Former UK Cabinet Minister, Paul Yaw Boateng says the success of the Continental Free Trade Agreement Area will be based on reforms and strategies that will make the continent attracted to investors.
Speaking ahead of the Emerging Business Intelligence and Innovation (EBII) Africa Investment Risk and Compliance Summit, Paul Yaw Boateng explained that even though threats of the Coronavirus could be a challenge, the content must harness the opportunities that come with regional integration.
“Yes, the pandemic is a crisis, the world is in a recession. But it creates a unique opportunity to SMEs. So, we have to make sure there is a startup capital for them, a transparent and reliable regulatory environment that facilitates entrepreneurship and facilitates investment,” he stated.
Even as the Continental Free Trade Agreement opens up for the free movement of goods and services, the emergence of a burgeoning entrepreneurial space questions Africa’s preparedness to support SMEs expand to meet global competition. Already, there are concerns over the high cost of lending.
Ebenezer Onyeagwu, Managing Director and CEO at Zenith Bank PLC, said “the moment we have the free trade zone, I expect them to draw a framework that should guide various countries on the institutional support to give flesh and blood to SMEs. We need to see it as a completely African project to achieve an economy of scale.”

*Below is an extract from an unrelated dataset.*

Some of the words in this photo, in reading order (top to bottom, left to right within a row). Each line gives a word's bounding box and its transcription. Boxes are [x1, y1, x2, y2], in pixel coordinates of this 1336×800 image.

The AfCFTA is expected to boost intra-African trade by 33% once full tariff liberalization is implemented, attracting additional intra-African investments and creating market opportunities to foster Africa’s industrialization through regional value chains, according to the report.
However, many of these gains could be undermined if rules of origin are not appropriately designed and enforced to support preferential trade liberalization.

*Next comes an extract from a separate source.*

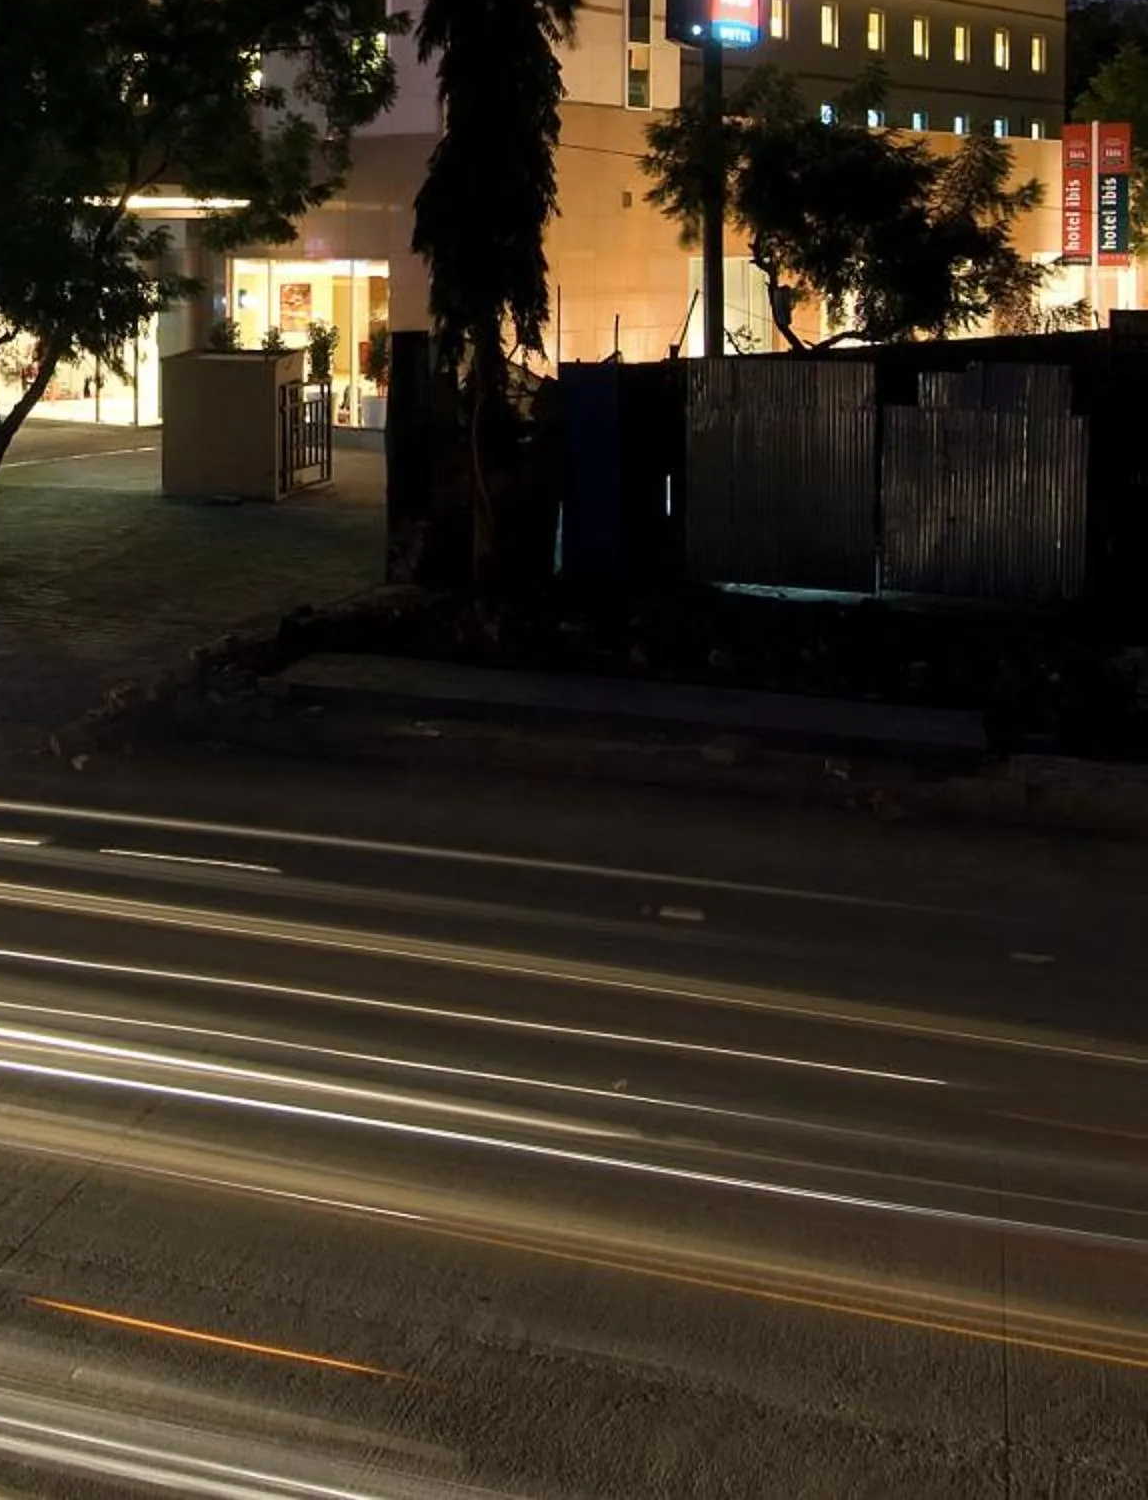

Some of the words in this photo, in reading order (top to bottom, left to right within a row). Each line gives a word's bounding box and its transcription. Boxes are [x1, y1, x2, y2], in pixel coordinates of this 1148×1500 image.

[1065, 179, 1081, 207] ibis
[1101, 177, 1117, 205] ibis
[1064, 212, 1081, 251] hotel
[1101, 211, 1117, 250] hotel

Total trade from Africa to the rest of the world averaged US$760 billion in current prices in the period 2015-2017, compared with $481 billion from Oceania, $4,109 billion from Europe, $5,140 billion from America and $6,801 billion from Asia.
The share of exports from Africa to the rest of the world ranged from 80% to 90% in 2000-2017. The only other region with a higher export dependence on the rest of the world is Oceania.
EBII Africa Investment Risk and Compliance Summit
The theme of the conference is ‘Attracting and Sustaining Investments in Africa Post covid19 – Staying ahead of the compliance curve.’ Discussions during the summit will be focused on policy, business opportunities, and how to lower investment risks to expand the discourse and action in Africa.
Bringing together policymakers, businesses, financial institutions and other market participants, the forum provides an opportunity to move beyond “market-matching” conferences.
Real intel and knowledge to drive investments is the aim. EBII will also link investors with new sectors in Africa.